= Defenders of Port Arthur Medal =

The Defenders of Port Arthur Medal was an unofficial commemorative medal of France, issued privately to reward Russian officers and soldiers who had fought in the defence of Port Arthur.

==History==
Funds were raised for it by Henri Simon, publisher of the L'Écho de Paris newspaper, who raised around 100,000 Francs. This paid for gifts to reward Anatoly Stessel, the Russian commander at Port Arthur, and for the medals' manufacture and delivery. However, whilst the charity was organising for the medals to be collected, delivered and stamped in Russia, Stessel was put on trial for his surrender of Port Arthur. This substantially affected the course of the medal's history - it was not a Russian state award to the defenders of Port Arthur, although a silver issue of a later Russo-Japanese War Medal was struck for them. Later, on the tenth anniversary of the siege, the Port Arthur Cross was established.

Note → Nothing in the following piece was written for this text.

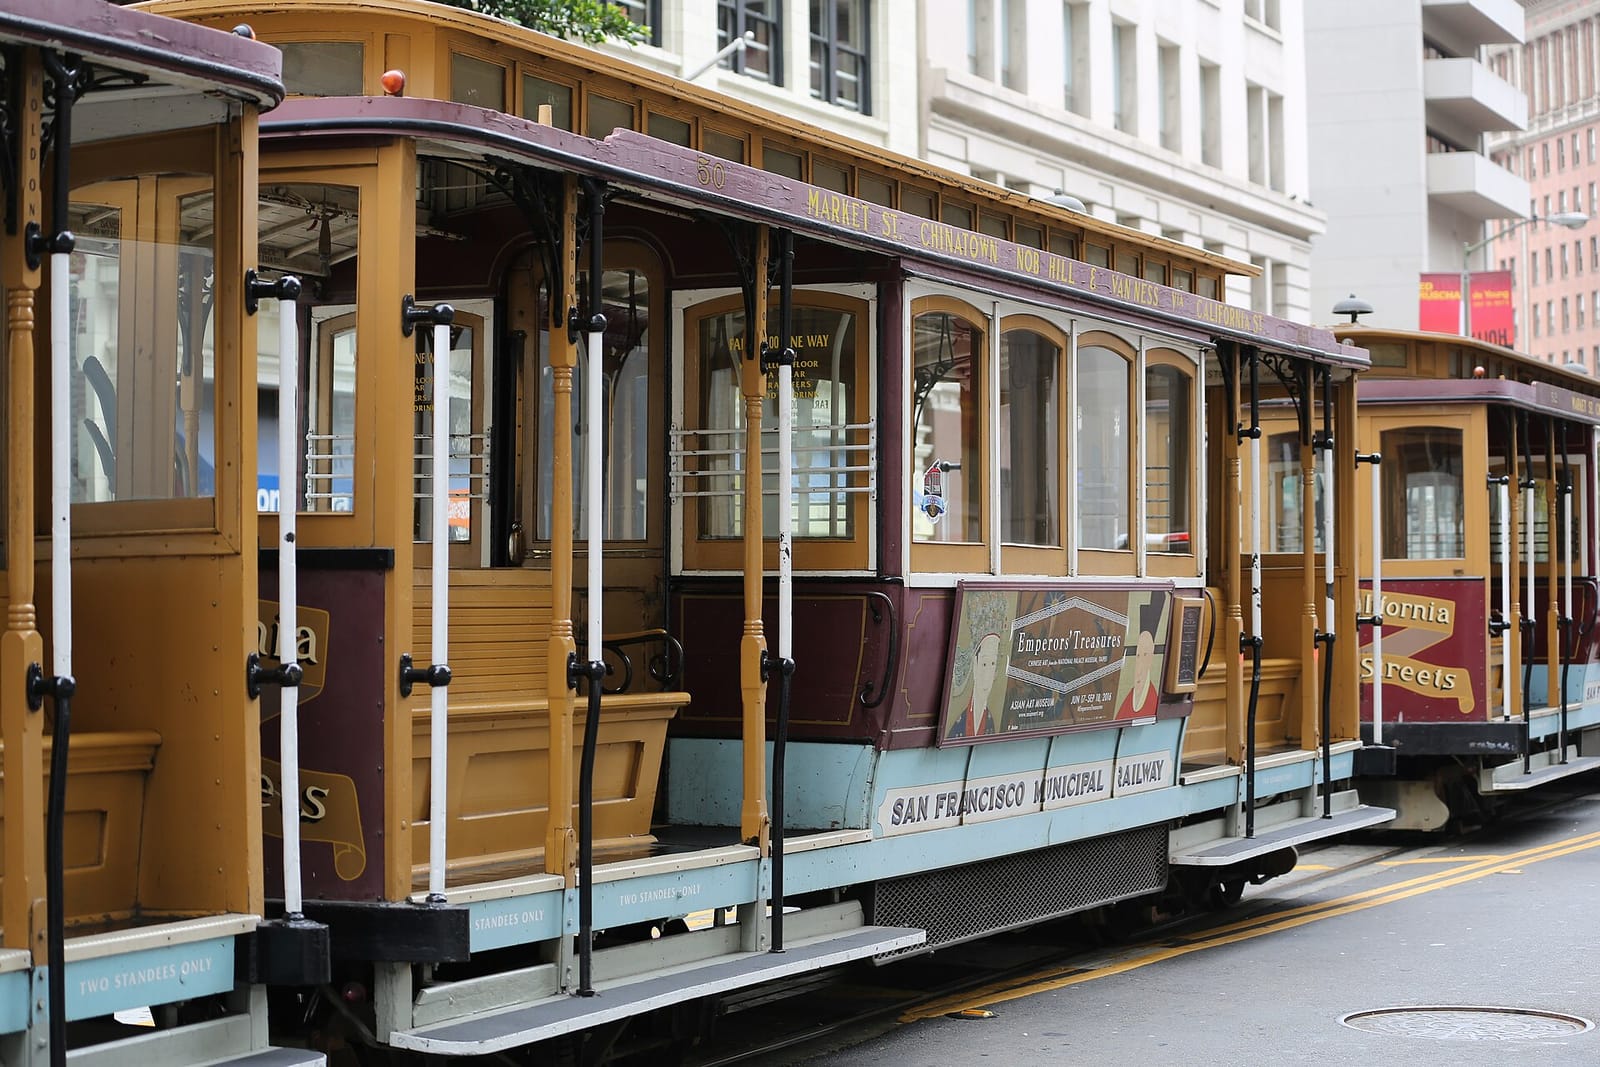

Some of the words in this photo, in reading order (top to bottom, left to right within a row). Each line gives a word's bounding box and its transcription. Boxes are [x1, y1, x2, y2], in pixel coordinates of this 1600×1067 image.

==Eligibility and wearing==
Gilded silver medals were issued to officers, silver to non commissioned officers and bronze for ordinary sailors, soldiers, nurses, port workers and others involved in the defence. Direct heirs of those killed in the siege could also apply for a medal.

After Stessel's trial, the medals were kept in storage for a long while at Russia's Naval Ministry. It was eventually decided to distribute them, on the condition that a medal holder could only wear it if he or she personally paid for Stessel's name to be removed from it. Most recipients declined to do this and so from 1 December 1910 they were issued but with no right to wear them.